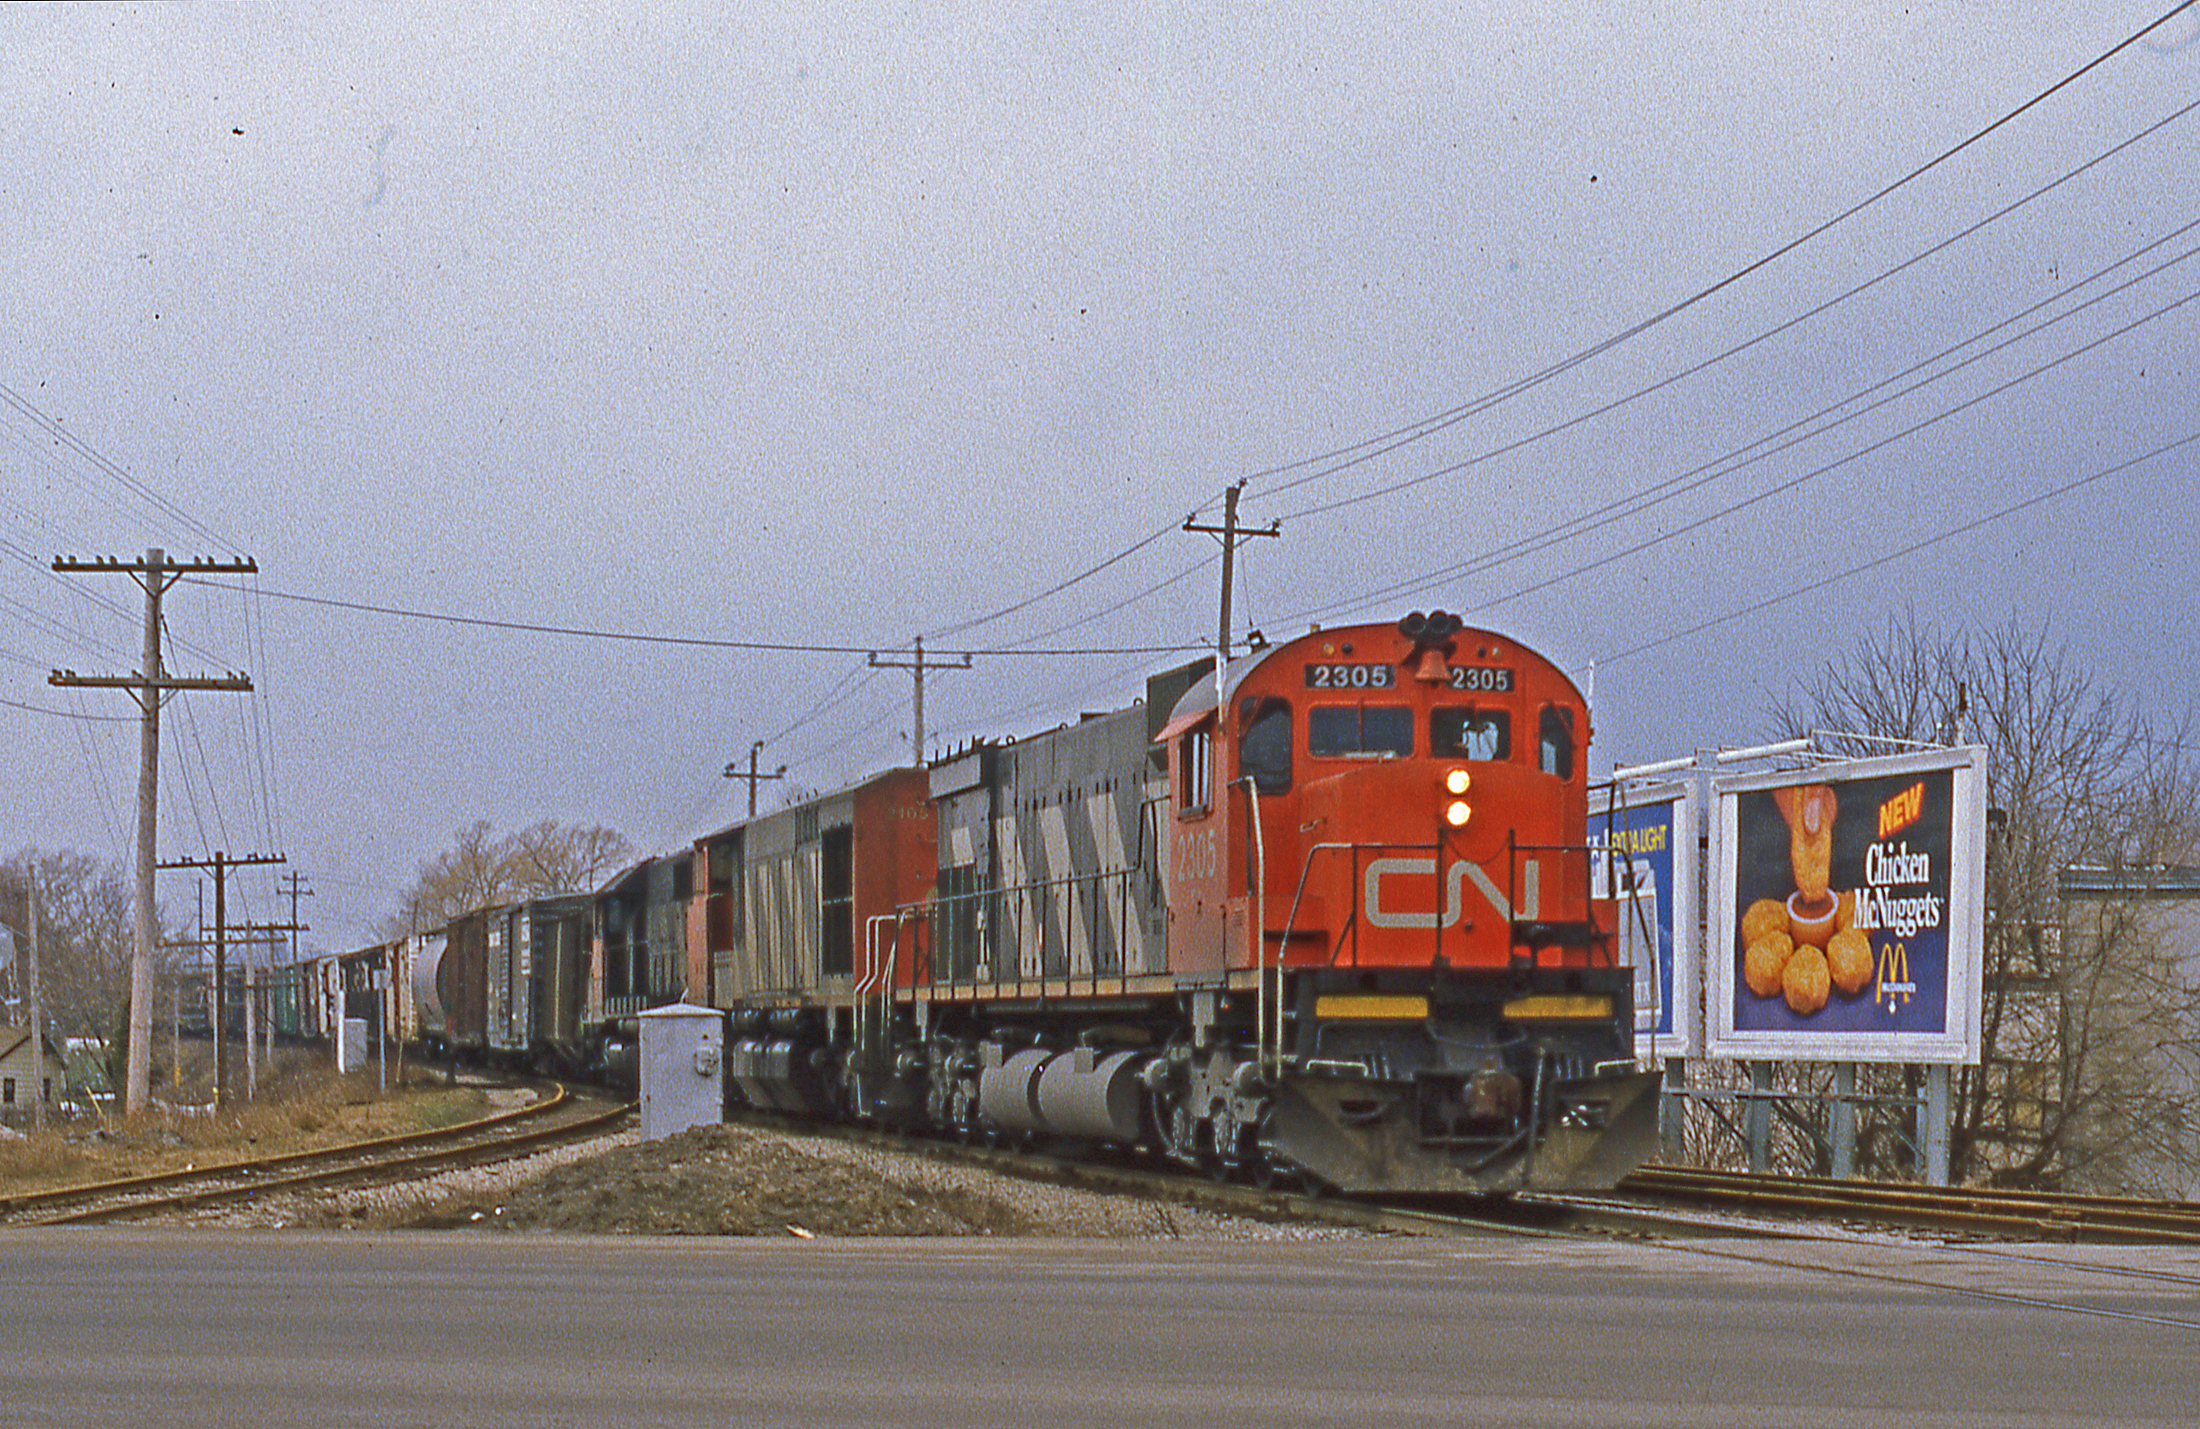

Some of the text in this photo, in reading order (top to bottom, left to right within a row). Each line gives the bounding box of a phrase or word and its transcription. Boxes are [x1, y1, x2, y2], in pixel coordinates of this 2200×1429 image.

[1314, 664, 1388, 688] 2305
[1452, 667, 1508, 691] 2305
[1879, 781, 1924, 839] NEW
[1177, 828, 1216, 882] 2305
[1640, 824, 1667, 853] LIGHT
[1866, 841, 1930, 887] Chicken
[1364, 857, 1540, 929] CN
[1852, 886, 1940, 938] McNuggets
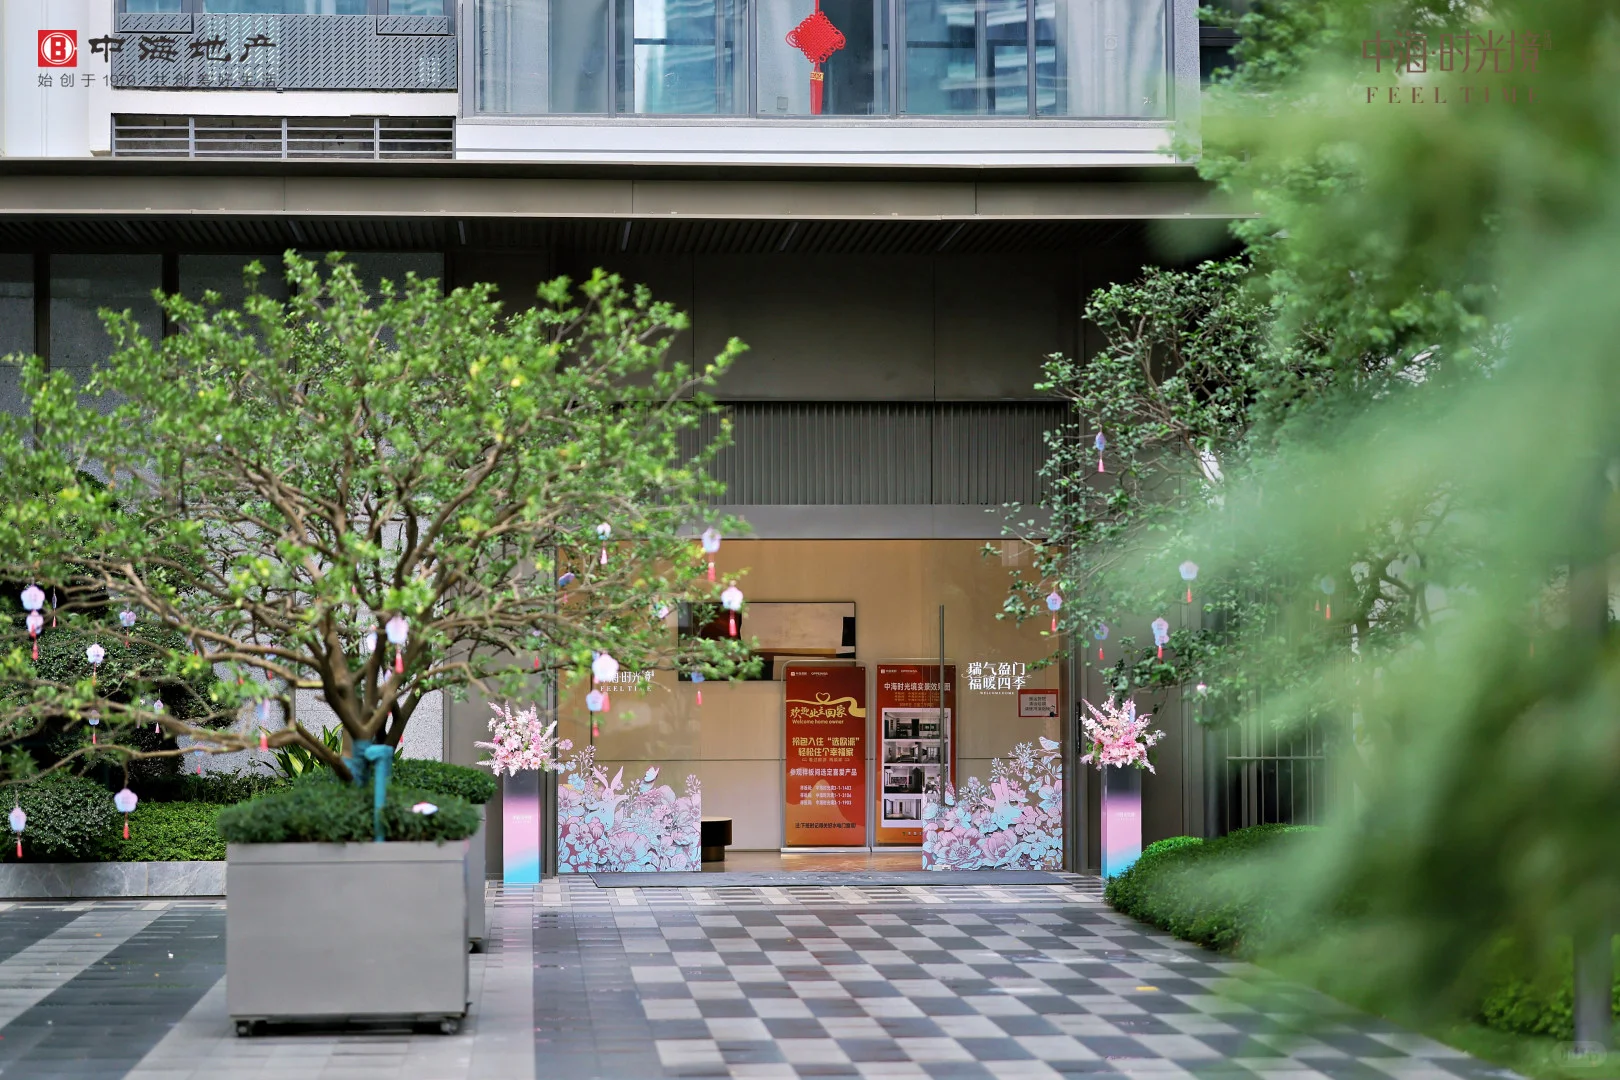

○ ○ ○ ○

◆ What is required ◆
The reply has to reproduce every line above verbatim and contain no pictures.

◆ Response below ◆
Some of the text in this photo, in reading order (top to bottom, left to right within a row). Each line gives the bounding box of a phrase or word and its transcription. Boxes are [x1, y1, x2, y2], in pixel coordinates of this 2200×1429 image.

[1314, 664, 1388, 688] 2305
[1452, 667, 1508, 691] 2305
[1879, 781, 1924, 839] NEW
[1177, 828, 1216, 882] 2305
[1640, 824, 1667, 853] LIGHT
[1866, 841, 1930, 887] Chicken
[1364, 857, 1540, 929] CN
[1852, 886, 1940, 938] McNuggets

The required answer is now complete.